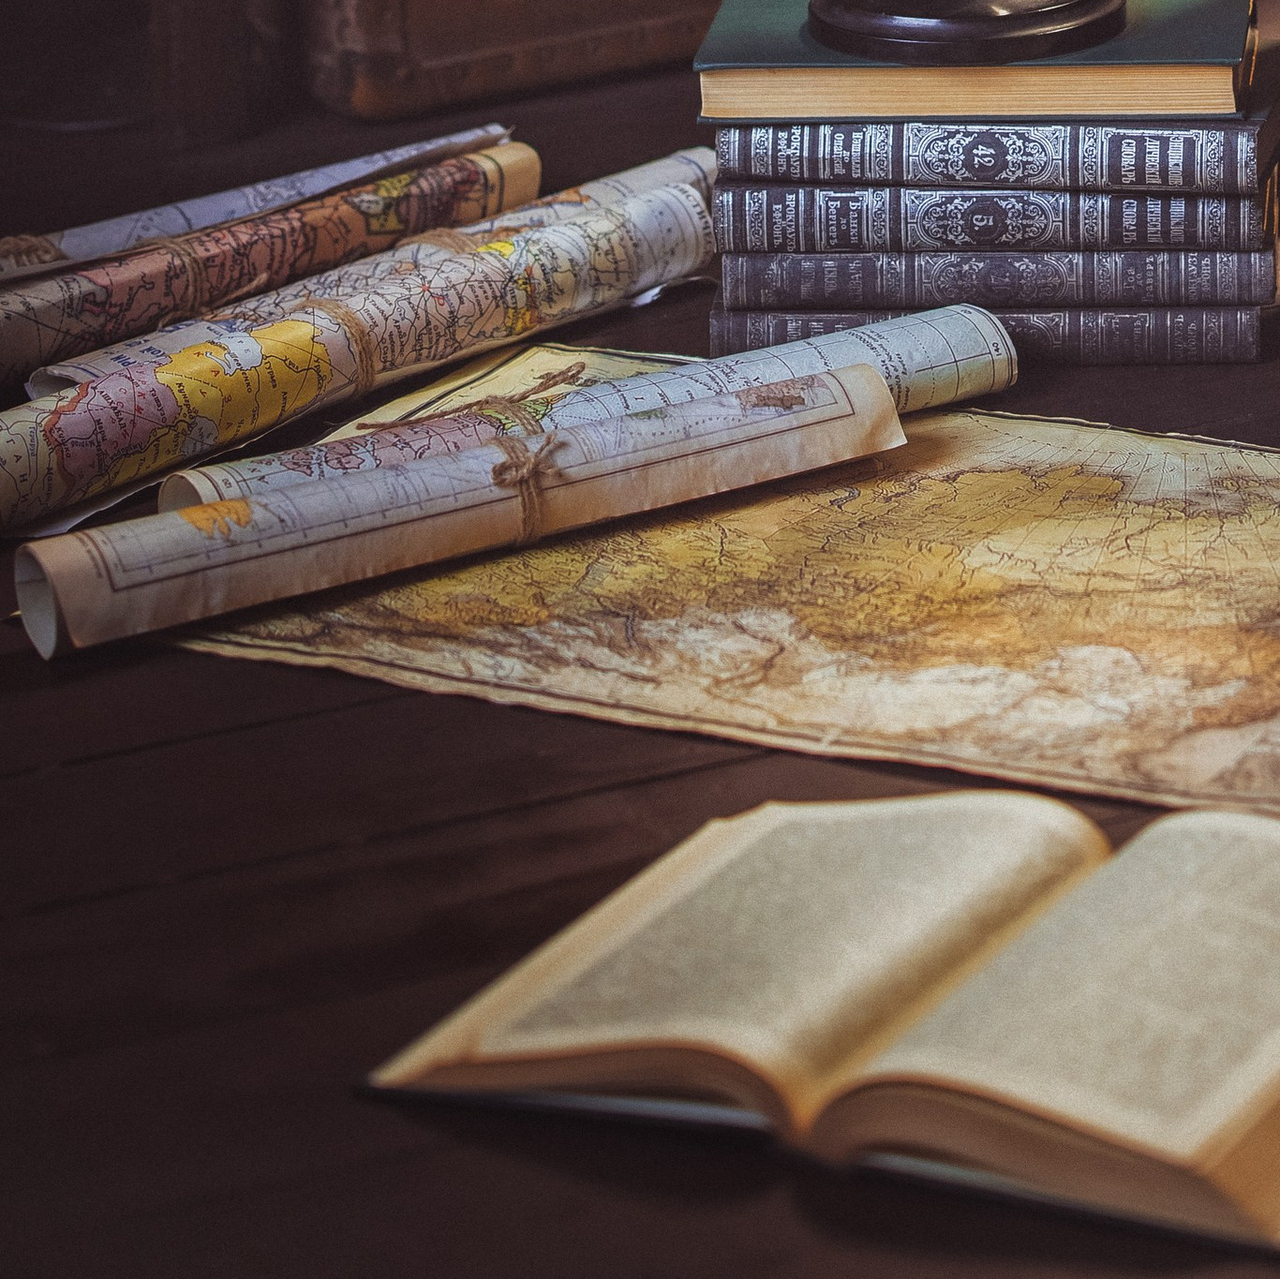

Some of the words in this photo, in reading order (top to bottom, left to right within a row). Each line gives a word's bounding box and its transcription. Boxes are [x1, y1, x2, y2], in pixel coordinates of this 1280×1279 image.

[842, 150, 850, 163] до
[1120, 138, 1136, 185] СЛОВАРЬ
[828, 200, 841, 246] Бергеръ
[840, 217, 847, 230] до
[848, 200, 861, 244] Банки
[1122, 198, 1137, 244] СЛОВАРЬ
[99, 390, 128, 430] АШХАБАД
——————
Please make an exact copy of the whole listing and leave out its pictures.

[Output for this exercise]:
Some of the words in this photo, in reading order (top to bottom, left to right within a row). Each line gives a word's bounding box and its transcription. Boxes are [x1, y1, x2, y2], in pixel coordinates of this 1280×1279 image.

[842, 150, 850, 163] до
[1120, 138, 1136, 185] СЛОВАРЬ
[828, 200, 841, 246] Бергеръ
[840, 217, 847, 230] до
[848, 200, 861, 244] Банки
[1122, 198, 1137, 244] СЛОВАРЬ
[99, 390, 128, 430] АШХАБАД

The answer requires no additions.